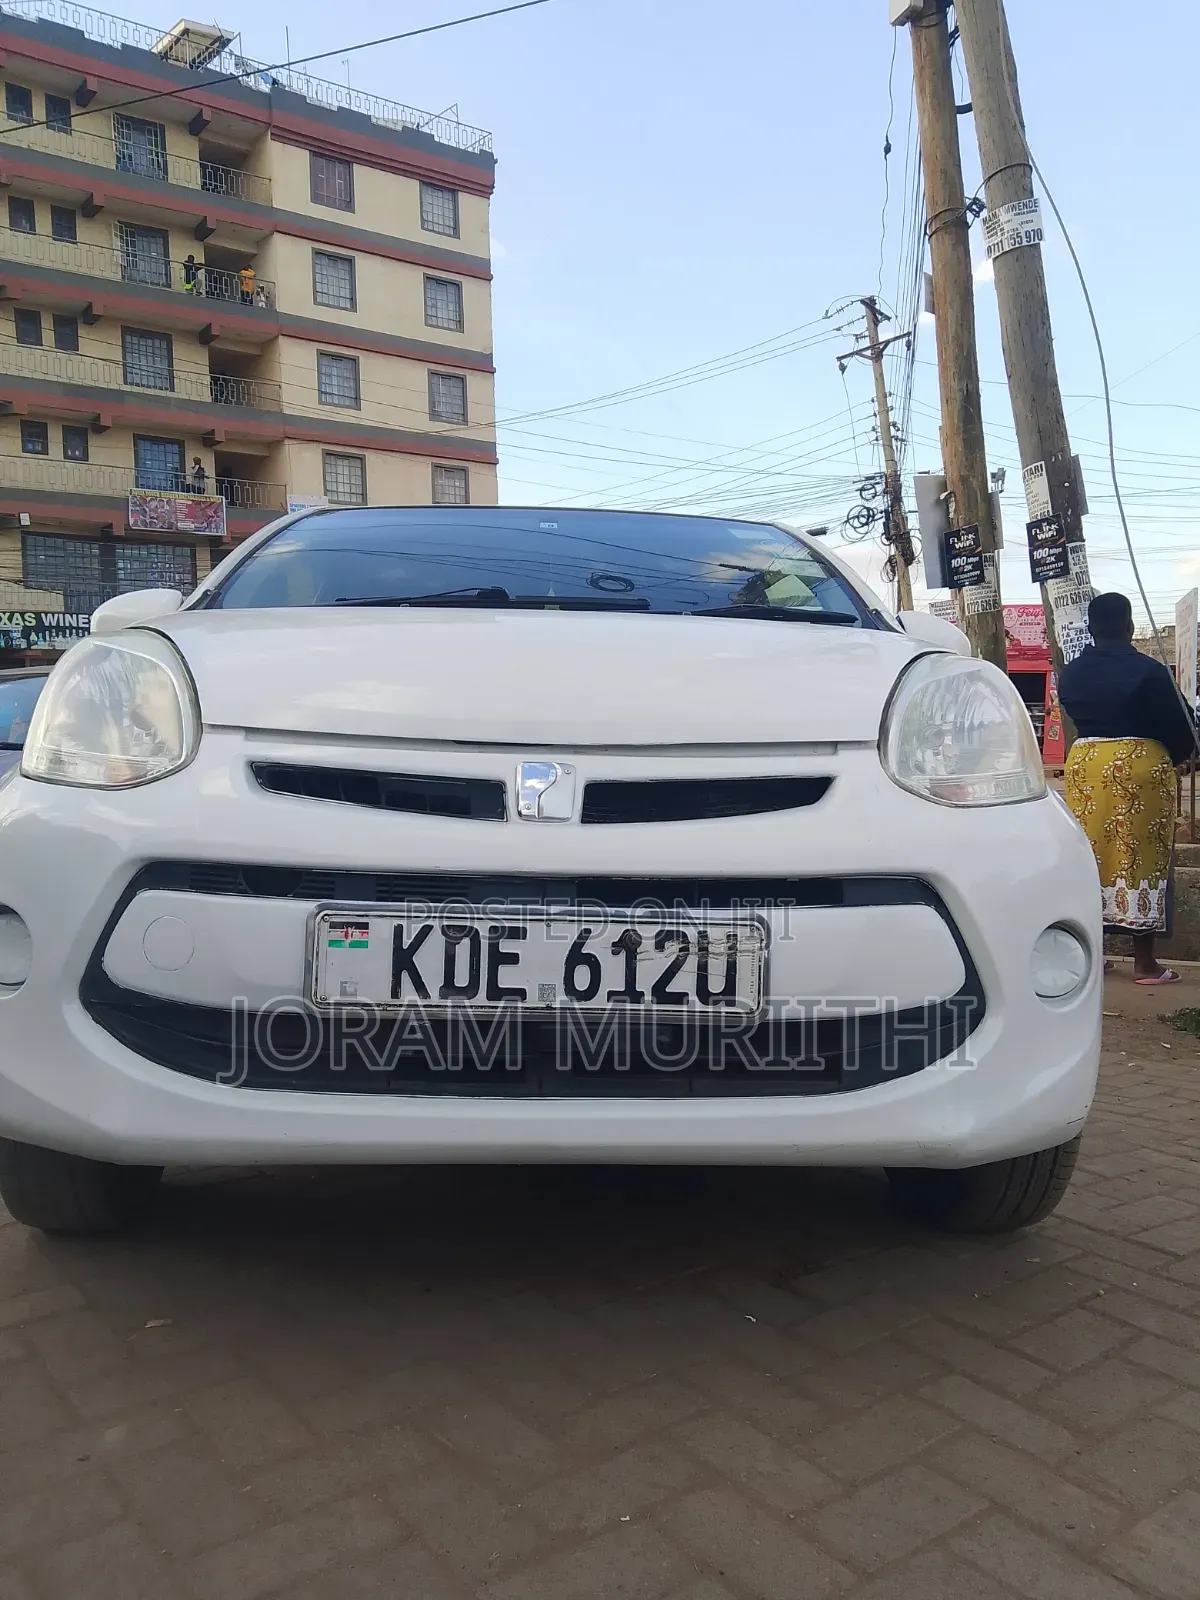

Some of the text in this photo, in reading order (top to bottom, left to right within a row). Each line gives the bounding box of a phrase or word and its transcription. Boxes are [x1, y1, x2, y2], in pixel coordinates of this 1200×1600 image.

[982, 207, 1003, 227] MAMA
[1003, 199, 1039, 216] MWENDE
[986, 238, 1005, 258] 0711
[1004, 231, 1023, 250] 155
[1024, 228, 1043, 243] 970
[950, 533, 976, 544] FLINK
[951, 556, 967, 568] 100
[1033, 548, 1049, 560] 100
[966, 601, 980, 614] 0722
[980, 600, 993, 612] 626
[1055, 594, 1070, 609] 0722
[1070, 591, 1083, 605] 626
[41, 612, 92, 628] WINE
[390, 922, 738, 1007] KDE 612U
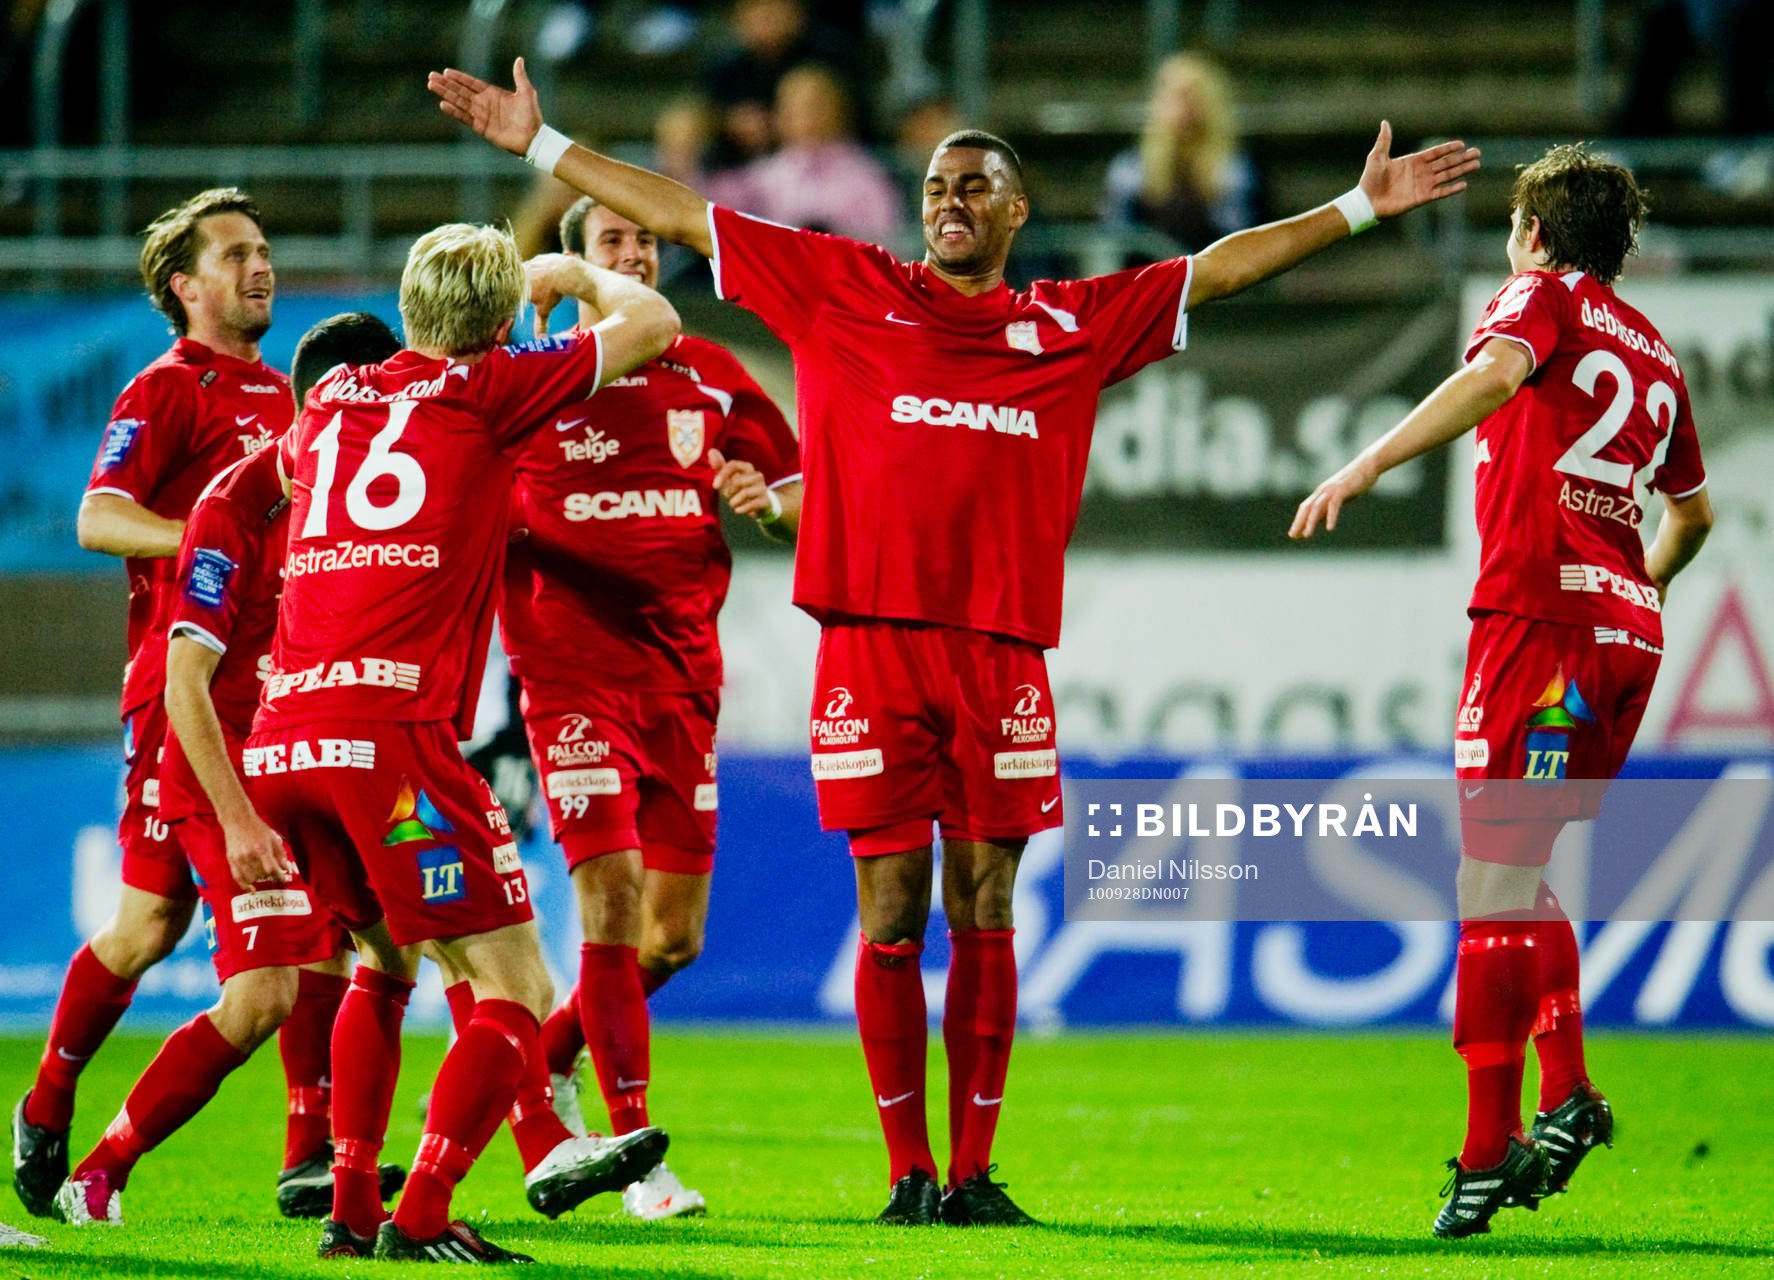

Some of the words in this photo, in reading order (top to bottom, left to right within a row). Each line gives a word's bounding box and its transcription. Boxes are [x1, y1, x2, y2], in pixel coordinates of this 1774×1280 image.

[890, 395, 1040, 440] SCANIA
[1553, 350, 1678, 497] 22
[559, 426, 621, 463] Telge
[302, 400, 427, 539] 16
[563, 489, 703, 522] SCANIA
[1558, 481, 1641, 529] AstraZe
[284, 541, 440, 581] AstraZeneca
[1579, 564, 1661, 614] PEAB
[280, 657, 398, 699] PEAB
[811, 717, 870, 738] FALCON
[1001, 717, 1052, 736] FALCON
[249, 738, 352, 777] PEAB
[547, 740, 610, 762] FALCON
[1522, 750, 1570, 779] LT
[560, 794, 590, 820] 99
[143, 815, 169, 842] 10
[421, 861, 465, 900] LT
[503, 877, 526, 906] 13
[242, 925, 260, 951] 7
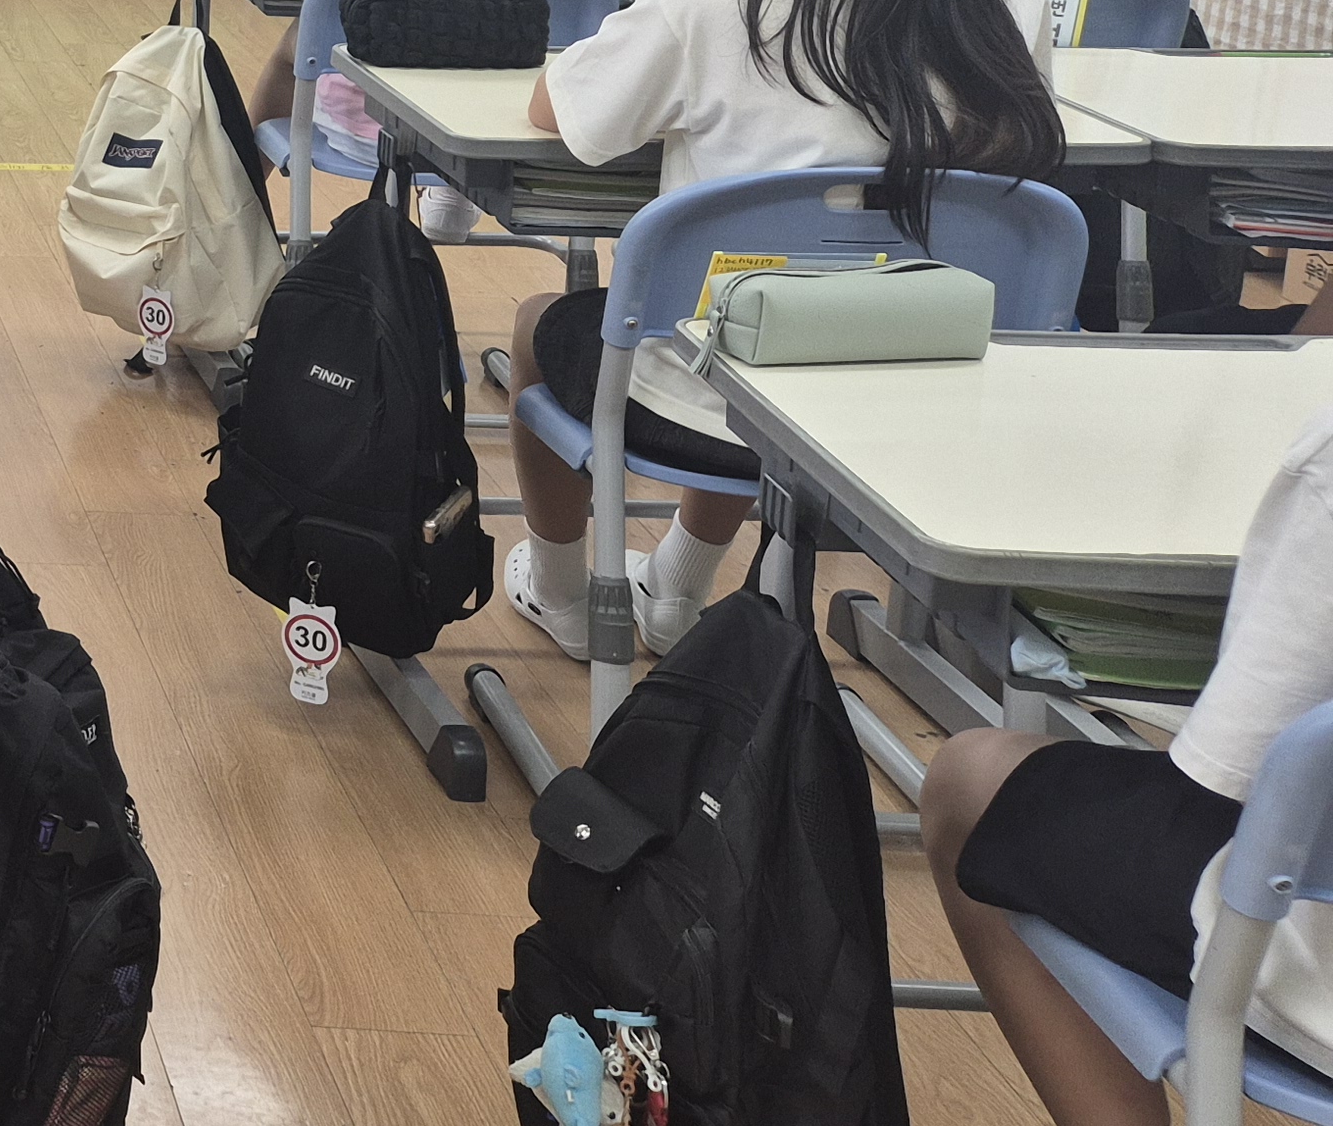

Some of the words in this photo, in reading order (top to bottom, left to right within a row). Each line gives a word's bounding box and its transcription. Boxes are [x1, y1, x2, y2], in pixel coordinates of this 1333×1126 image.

[145, 306, 166, 325] 30
[310, 364, 356, 390] FINDIT
[294, 625, 327, 652] 30

------------------------------

== Task to complete ==
Please copy exactly the lines from the one that contains "this 1774×1280 image." through the last line of the listing above, leaving out the pictures.

== Solution to the problem ==
Some of the words in this photo, in reading order (top to bottom, left to right within a row). Each line gives a word's bounding box and its transcription. Boxes are [x1, y1, x2, y2], in pixel coordinates of this 1774×1280 image.

[890, 395, 1040, 440] SCANIA
[1553, 350, 1678, 497] 22
[559, 426, 621, 463] Telge
[302, 400, 427, 539] 16
[563, 489, 703, 522] SCANIA
[1558, 481, 1641, 529] AstraZe
[284, 541, 440, 581] AstraZeneca
[1579, 564, 1661, 614] PEAB
[280, 657, 398, 699] PEAB
[811, 717, 870, 738] FALCON
[1001, 717, 1052, 736] FALCON
[249, 738, 352, 777] PEAB
[547, 740, 610, 762] FALCON
[1522, 750, 1570, 779] LT
[560, 794, 590, 820] 99
[143, 815, 169, 842] 10
[421, 861, 465, 900] LT
[503, 877, 526, 906] 13
[242, 925, 260, 951] 7

Some of the words in this photo, in reading order (top to bottom, left to right within a row). Each line gives a word's bounding box and its transcription. Boxes are [x1, y1, x2, y2], in pixel coordinates of this 1333×1126 image.

[145, 306, 166, 325] 30
[310, 364, 356, 390] FINDIT
[294, 625, 327, 652] 30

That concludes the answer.